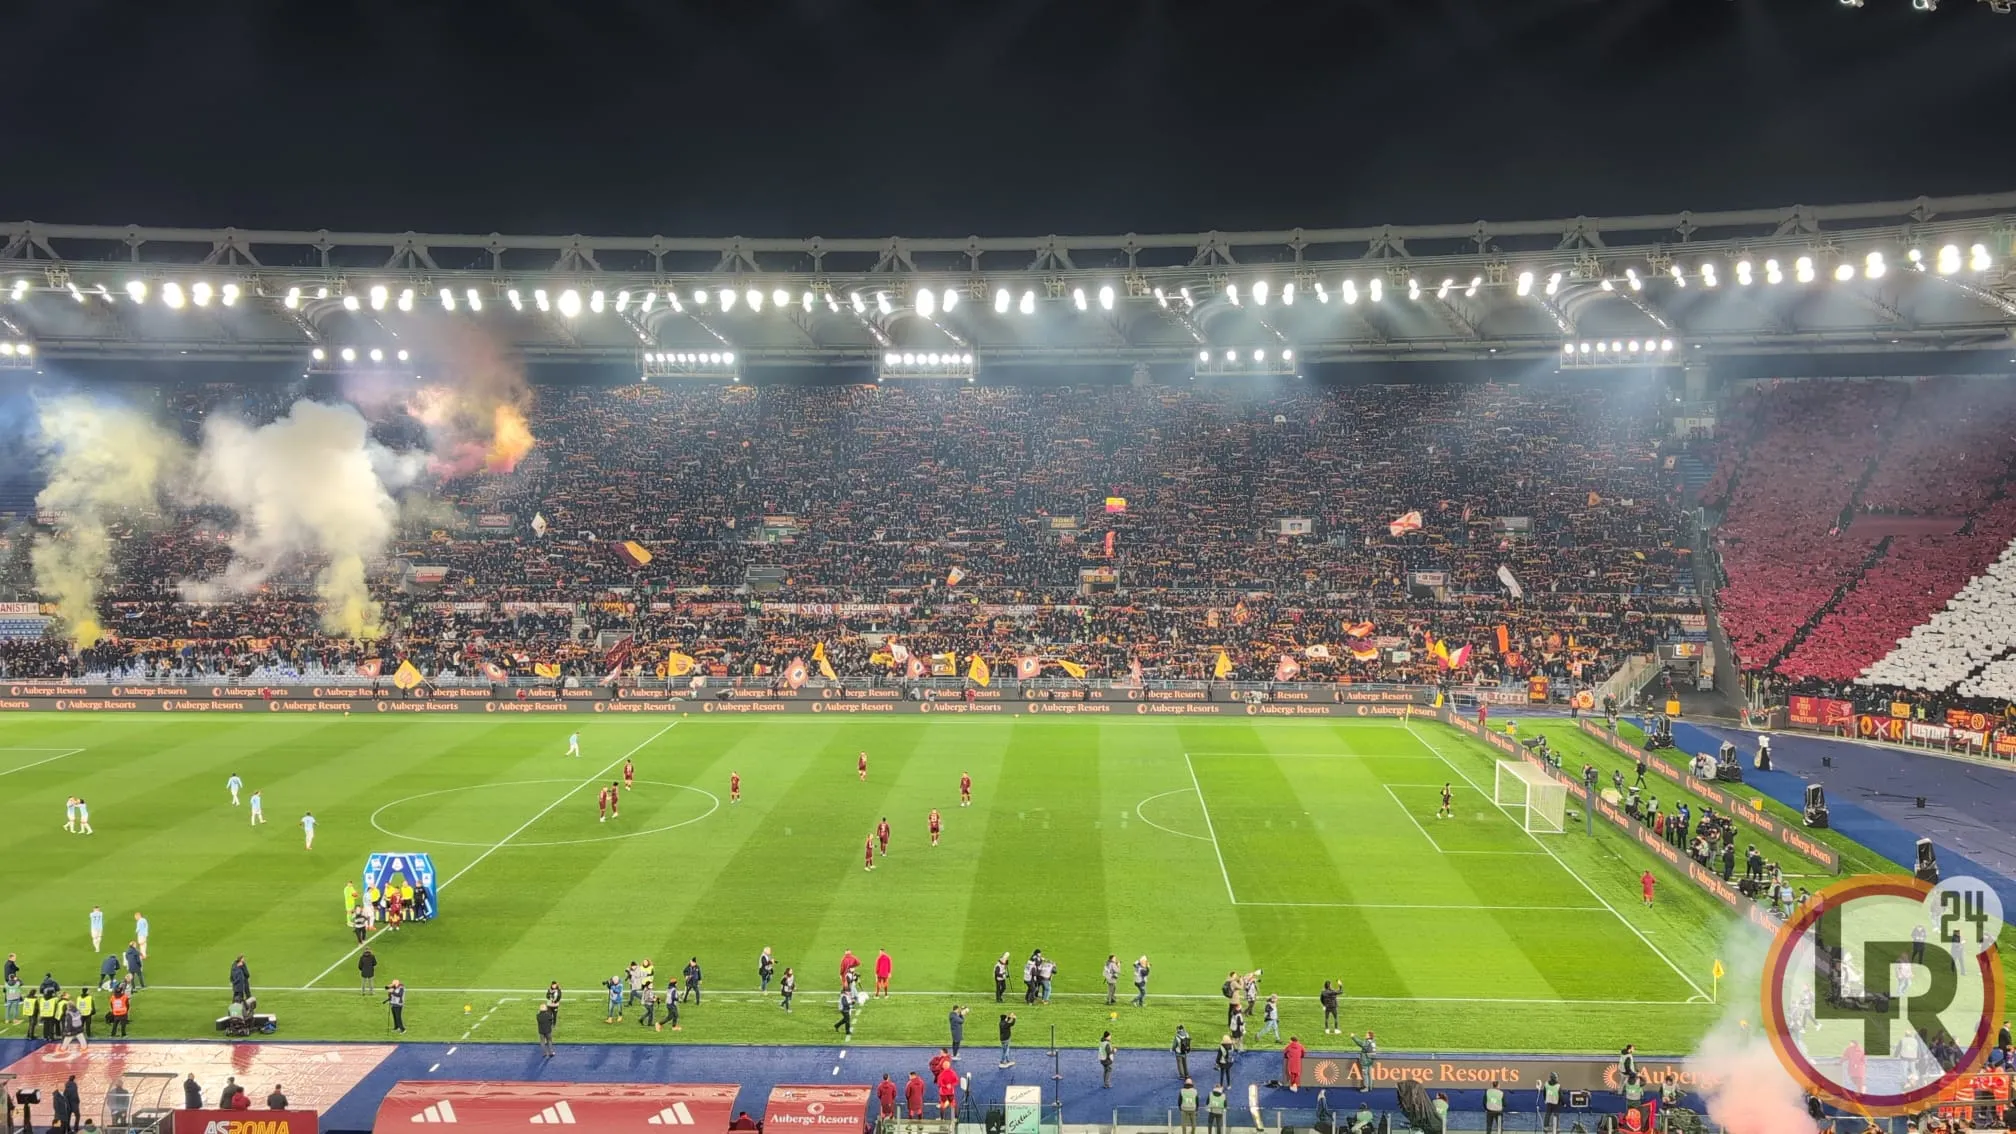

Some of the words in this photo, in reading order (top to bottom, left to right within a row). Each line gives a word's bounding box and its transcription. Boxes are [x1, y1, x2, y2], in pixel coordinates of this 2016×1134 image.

[800, 603, 833, 615] SPQR
[840, 603, 881, 611] LUCANIA
[23, 687, 55, 696] Auberge
[57, 687, 87, 695] Resorts
[124, 687, 156, 697] Auberge
[158, 687, 187, 695] Resorts
[224, 688, 257, 697] Auberge
[258, 688, 288, 696] Rorts
[325, 688, 357, 697] Auberge
[359, 688, 388, 696] Resrts
[461, 688, 490, 696] Resorts
[528, 688, 561, 698] Auberg
[630, 688, 663, 698] Auberge
[767, 688, 797, 696] Rsorts
[835, 688, 867, 698] Aberge
[869, 689, 899, 697] Resorts
[970, 689, 1000, 697] esorts
[1038, 689, 1071, 699] Auerge
[1174, 690, 1204, 698] Resorts
[1277, 691, 1308, 699] Resorts
[1347, 692, 1381, 701] Auberge
[1383, 692, 1412, 700] Resorts
[69, 701, 102, 711] Auberge
[104, 701, 136, 710] Resorts
[175, 701, 209, 711] Auberge
[211, 702, 243, 710] Resorts
[283, 702, 317, 711] Auberge
[319, 702, 351, 710] Resorts
[390, 702, 424, 712] Auberge
[426, 702, 458, 711] Resorts
[499, 703, 533, 712] Auberge
[535, 703, 567, 711] Resorts
[607, 703, 641, 712] Auberge
[643, 703, 675, 712] Resorts
[716, 703, 750, 713] Auberge
[752, 703, 784, 712] Resorts
[825, 704, 859, 713] Auberge
[861, 704, 893, 712] Resorts
[933, 704, 967, 714] Auberge
[969, 704, 1001, 713] Resorts
[1041, 704, 1076, 714] Auberge
[1078, 705, 1110, 713] Resorts
[1150, 705, 1185, 714] Auberge
[1187, 705, 1219, 713] Resorts
[1259, 705, 1295, 715] Auberge
[1297, 705, 1329, 714] Resorts
[1370, 706, 1406, 715] Auberge
[1440, 1063, 1519, 1082] Resorts
[771, 1114, 815, 1126] Auberge
[818, 1115, 859, 1124] Resorts
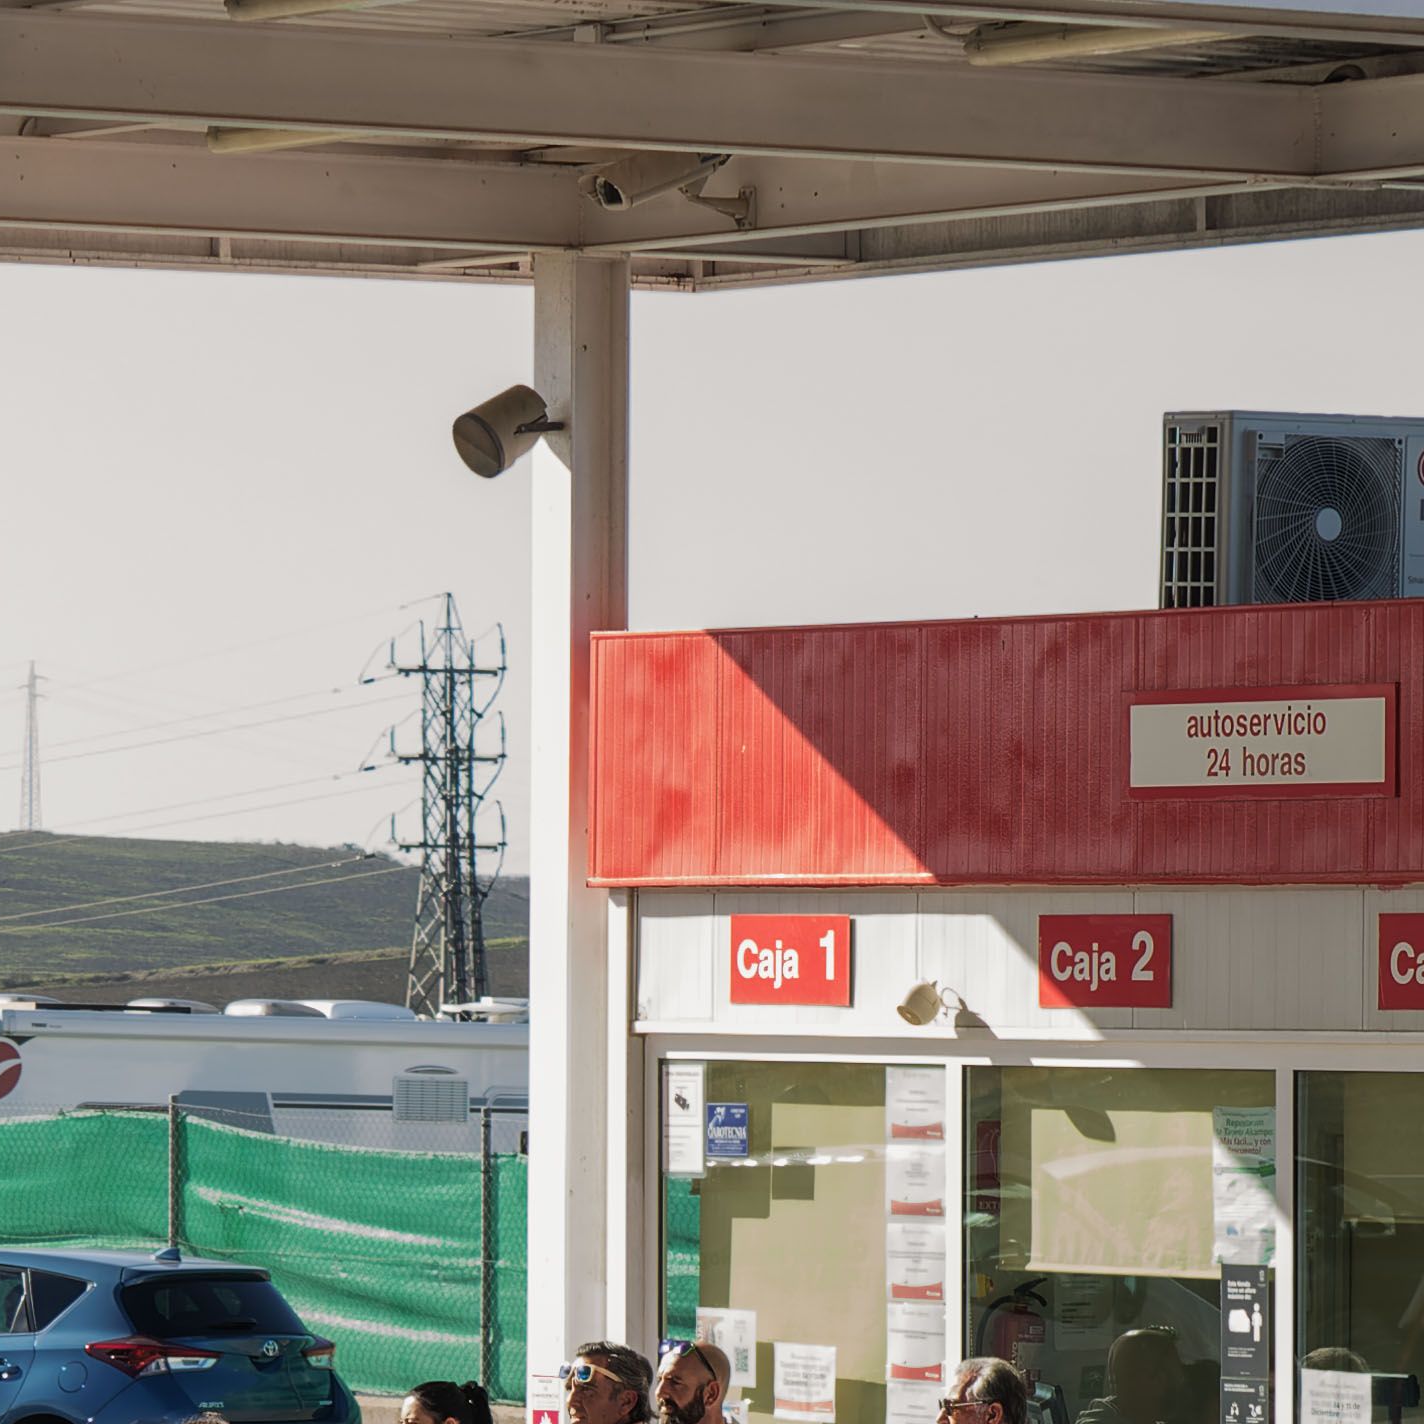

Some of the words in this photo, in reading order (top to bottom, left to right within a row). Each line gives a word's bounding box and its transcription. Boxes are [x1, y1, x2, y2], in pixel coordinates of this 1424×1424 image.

[1187, 704, 1327, 738] autoservicio
[1207, 748, 1231, 777] 24
[1242, 746, 1306, 776] horas
[737, 938, 799, 990] Caja
[819, 929, 835, 981] 1
[1050, 941, 1116, 992] Caja
[1131, 930, 1154, 981] 2
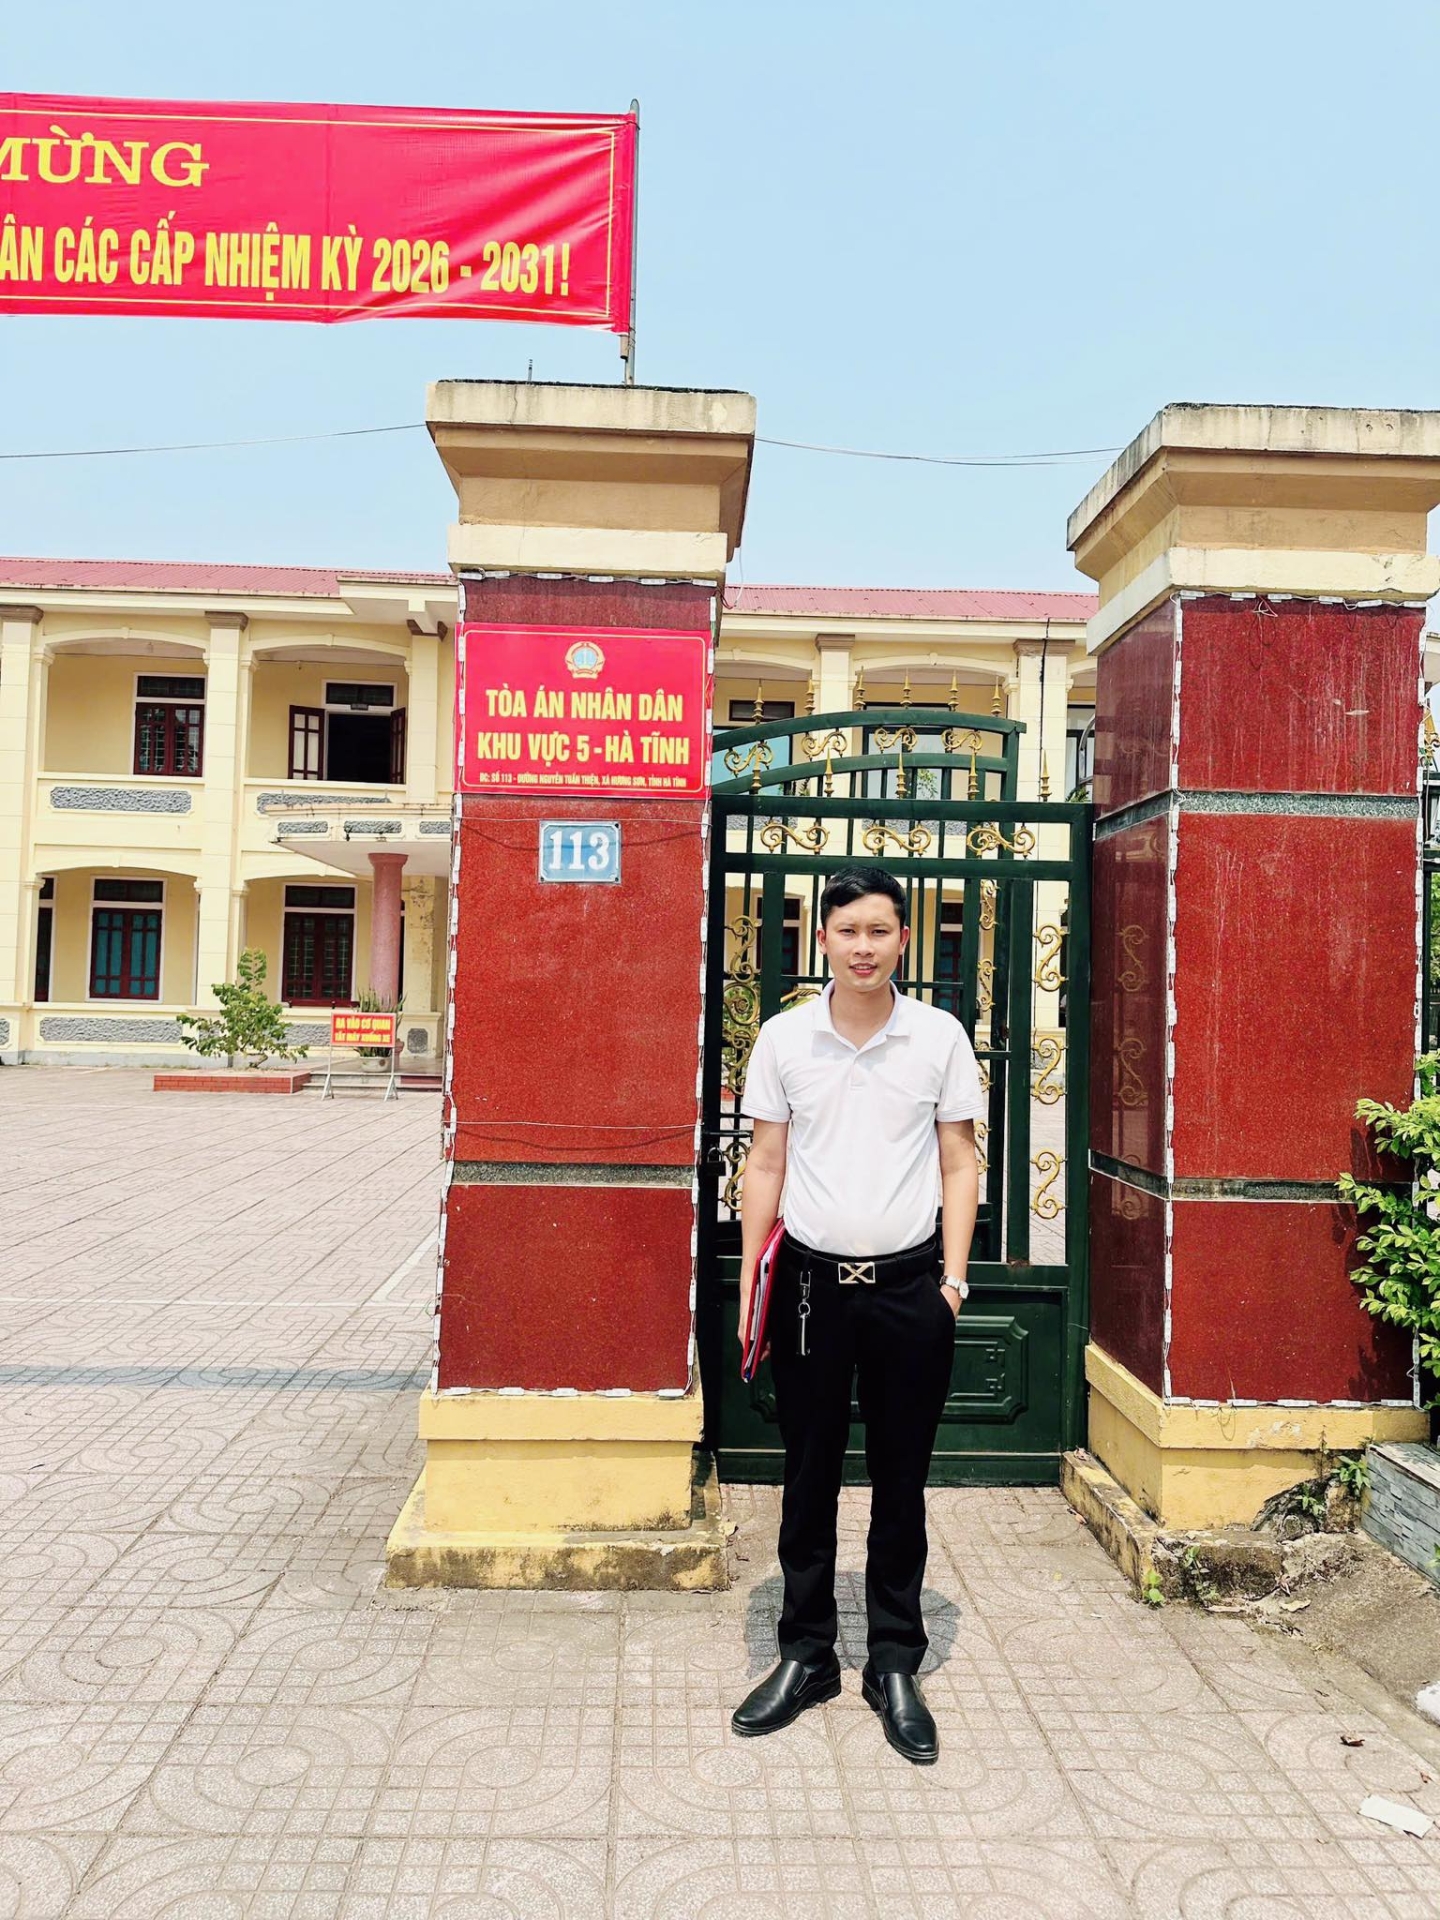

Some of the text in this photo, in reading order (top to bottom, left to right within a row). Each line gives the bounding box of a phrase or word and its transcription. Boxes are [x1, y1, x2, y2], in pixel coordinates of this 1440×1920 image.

[54, 216, 119, 285] CÁC
[130, 210, 195, 286] CẤP
[204, 222, 311, 301] NHIỆM
[321, 225, 363, 291] KỲ
[372, 237, 450, 294] 2026
[480, 241, 570, 296] 2031!
[485, 683, 684, 722] TÒA ÁN NHÂN DÂN
[477, 732, 521, 760] KHU
[527, 731, 570, 768] VỰC
[640, 731, 690, 765] TĨNH
[501, 773, 512, 783] 113
[548, 830, 610, 871] 113

::::::

▸ **AIM OF THE TASK**
Set down exactly the lines that begin with the one containing "Some of the text" and end with the last line above, and no others.

▸ **REPLY**
Some of the text in this photo, in reading order (top to bottom, left to right within a row). Each line gives the bounding box of a phrase or word and its transcription. Boxes are [x1, y1, x2, y2], in pixel coordinates of this 1440×1920 image.

[54, 216, 119, 285] CÁC
[130, 210, 195, 286] CẤP
[204, 222, 311, 301] NHIỆM
[321, 225, 363, 291] KỲ
[372, 237, 450, 294] 2026
[480, 241, 570, 296] 2031!
[485, 683, 684, 722] TÒA ÁN NHÂN DÂN
[477, 732, 521, 760] KHU
[527, 731, 570, 768] VỰC
[640, 731, 690, 765] TĨNH
[501, 773, 512, 783] 113
[548, 830, 610, 871] 113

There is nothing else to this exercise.